The war ended nearly 50 years ago, but to Vietnam veterans like Shotwell, it seems like it was only yesterday that they were just a bunch of kids traversing the jungles in a foreign land, thousands of miles from home. “While we were fighting the war, there was no vision that there would ever be a wall somewhere someday; that was just never thought of,” Shotwell said.
At 23 years old, Shotwell was the oldest in his company when he served in Vietnam in 1971 as a Huey helicopter pilot in the U.S. Army’s 101st Airborne Division.“When I first got to Vietnam, my main worry was what was going to be my reaction when I saw my first dead U.S. soldier,” he said. “I knew that day was going to roll around because everything moved by air, which meant that I moved lots of dead and wounded soldiers in my helicopter.”
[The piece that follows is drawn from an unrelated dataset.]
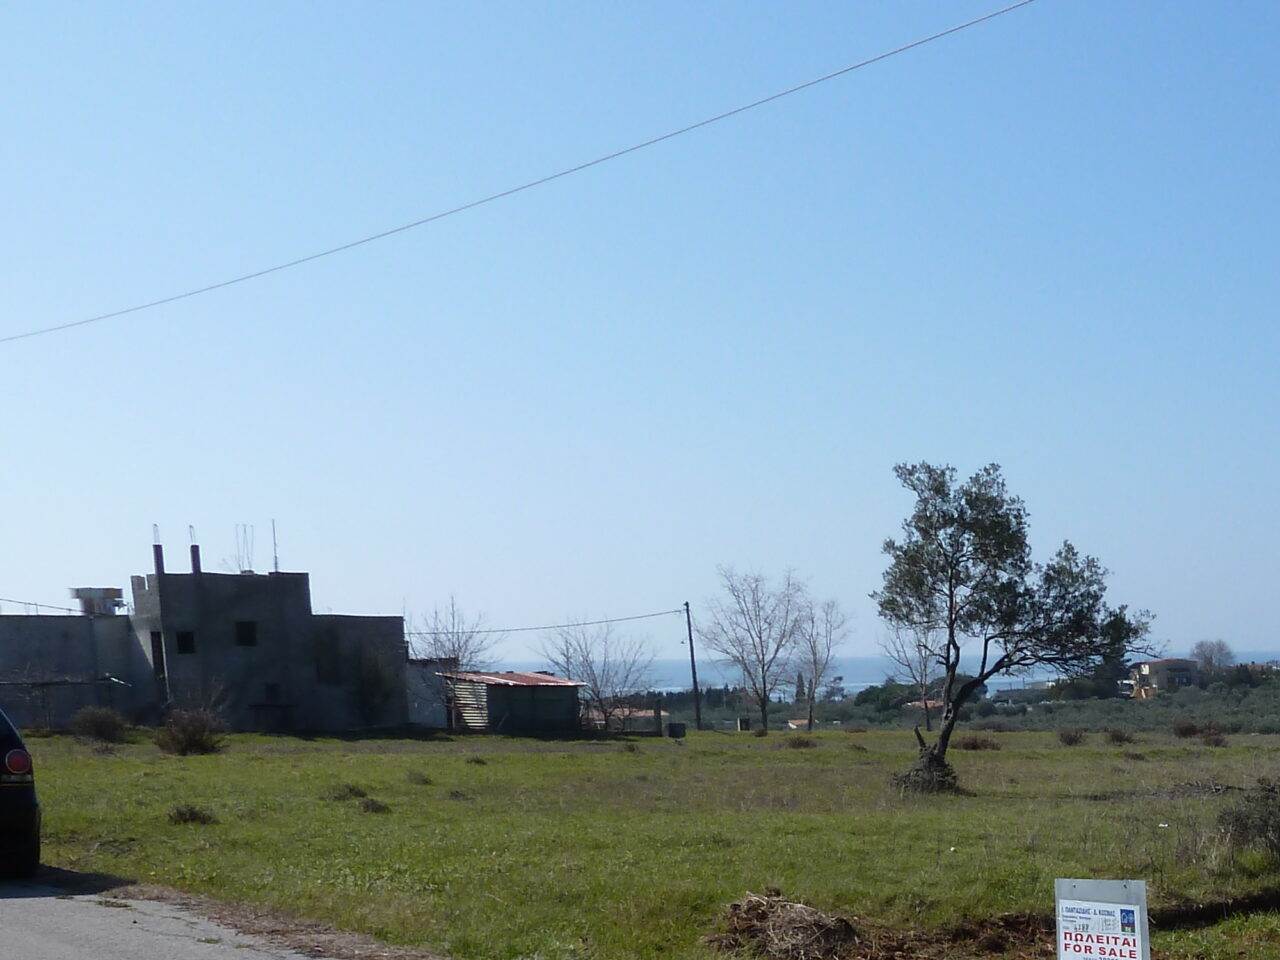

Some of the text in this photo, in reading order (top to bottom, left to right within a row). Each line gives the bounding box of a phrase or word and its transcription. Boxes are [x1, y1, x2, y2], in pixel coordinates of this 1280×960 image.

[1064, 932, 1137, 947] ΠΩΛΕΙΤΑΙ
[1064, 943, 1138, 959] FOR SALE
His fear proved unfounded when he moved his first dead soldier and one that was badly wounded two months into his service and did not have a reaction, already acclimated to the horrors of the war. It was a 20-minute flight back to what they knew as an evacuation hospital where the wounded were carried in for treatment, and the deceased were offloaded onto the landing pad right beside his helicopter’s door.
“That day, I had just those two on board,” Shotwell said. “I looked at the one who had been killed, and I thought that I wanted to remember them that way. It would be in the course of a year that I must have carried scores and scores of dead and wounded, so I always made a point to take a mental note because, at this point, I knew before their families knew what had happened.”
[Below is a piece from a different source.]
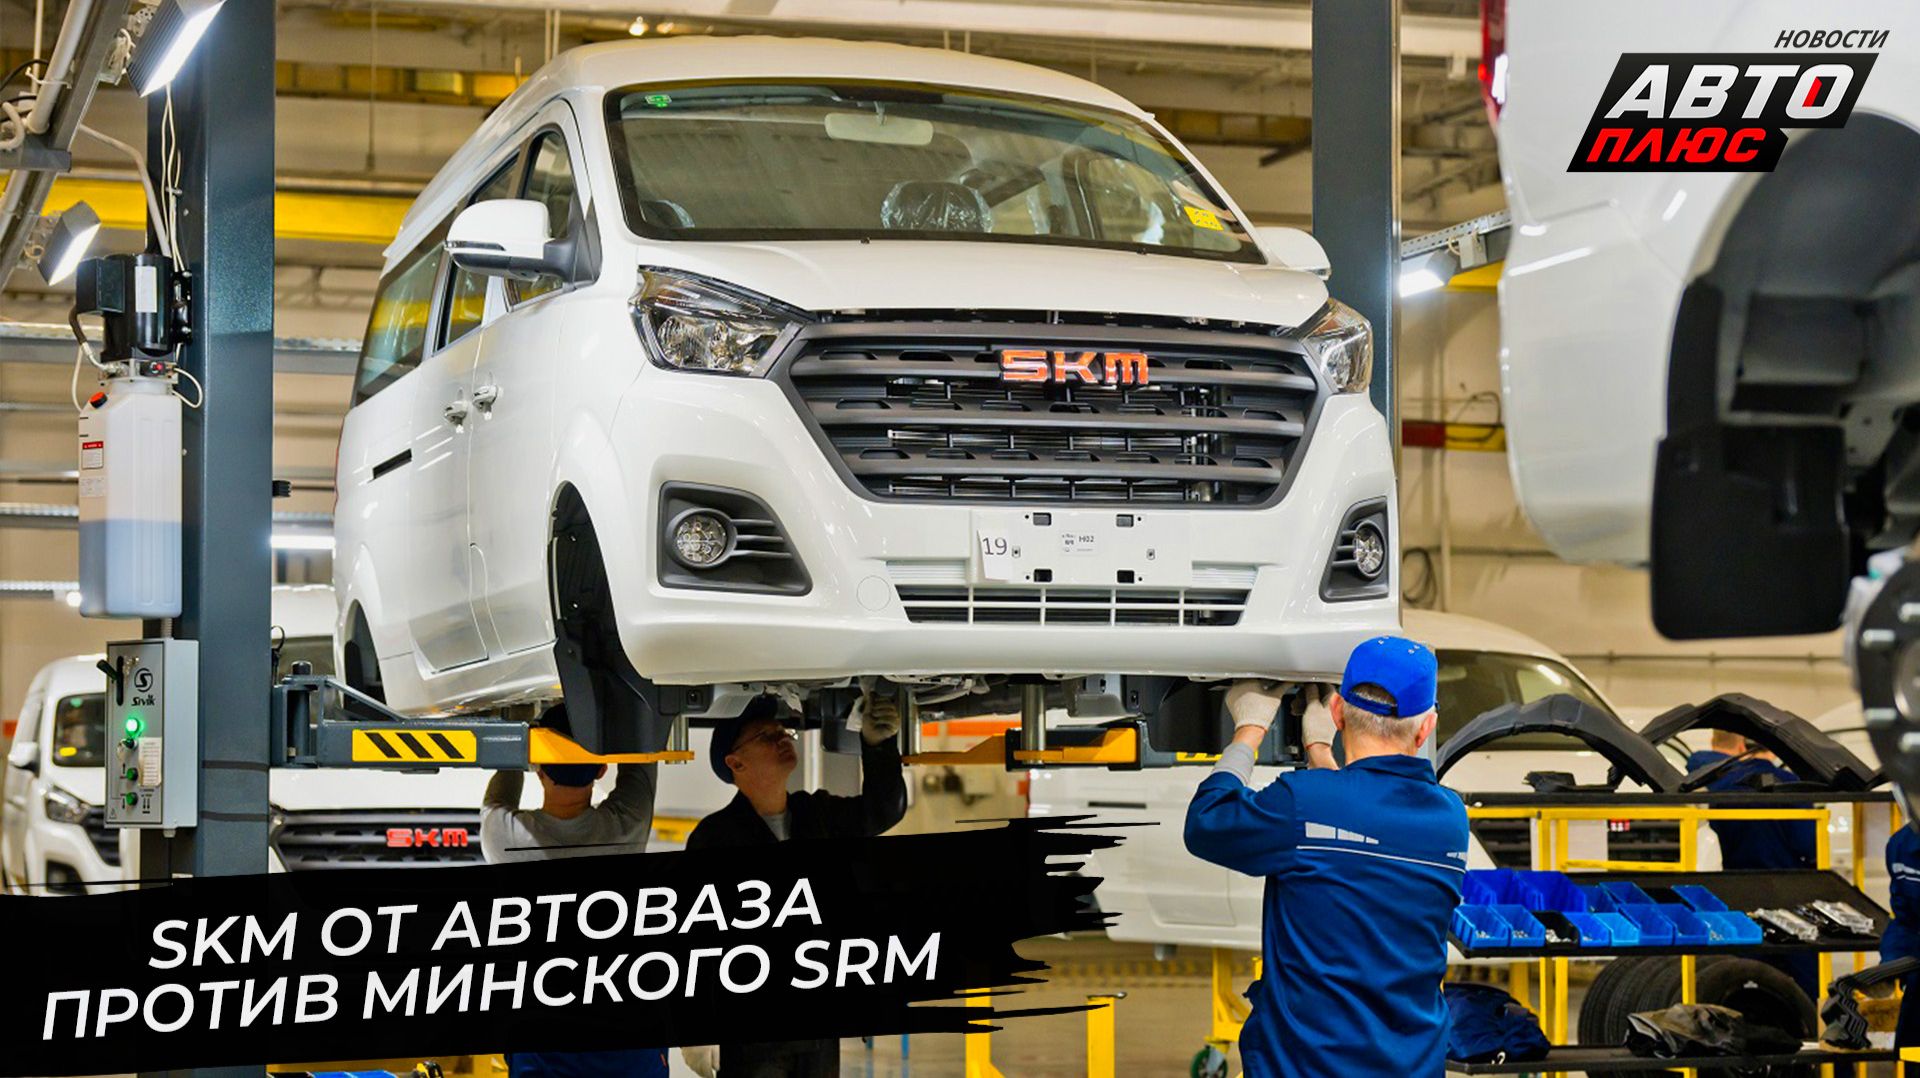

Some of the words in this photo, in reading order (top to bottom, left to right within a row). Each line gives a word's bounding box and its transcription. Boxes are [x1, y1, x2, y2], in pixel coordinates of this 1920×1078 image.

[1002, 350, 1148, 384] SKM
[982, 537, 1007, 556] 19
[386, 828, 468, 847] SKM
He was the first step in bringing them home to their families. Realizing the connection he shared with hundreds of those names and their family members that he will never know, Shotwell eventually found comfort in the wall, returning each day as though visiting a friend.
“That’s what I see when I go to the wall: I can look back and see those guys that I hauled in,” Shotwell said; “They’re on the wall, and I did something good for them. It’s quite an honor to know that I did it.”
As one of the nation’s most-visited memorial on the National Mall in Washington, the original Vietnam Veterans Memorial Wall typically draws in over five million visitors each year since its completion in 1982. However, it is not an easy journey for everyone. As Shotwell put it, Vietnam veterans are only getting older, and the trip to Washington is simply not feasible for all.
“There are a huge number of people that will never get to Washington, D.C. to see that wall, but they can come to this one and have the same reaction. It’s a peaceful, calm setting here, so I would urge anybody that has any interest if they want to see the Vietnam Wall, this is the place that they ought to come,” Shotwell said.
Located midway between Dallas and Houston, the wall draws in road trippers and curious passersby alike, though word has spread to attract visitors worldwide.
“It means so much to the veterans that couldn’t afford to go to Washington,” Lee said. “You can tell by the demeanor of the people what all it means to them. Some of the guys are standing out there for a long time, and the same with the families—especially the ones that lost a family member in Vietnam that probably have no idea what all the veterans went through.”
The H.E.A.R.T.S. Veterans Museum Vietnam Veterans Memorial Wall is free and open to the public 24/7, with lighting provided for those looking to avoid the crowds on a more private late-night visit.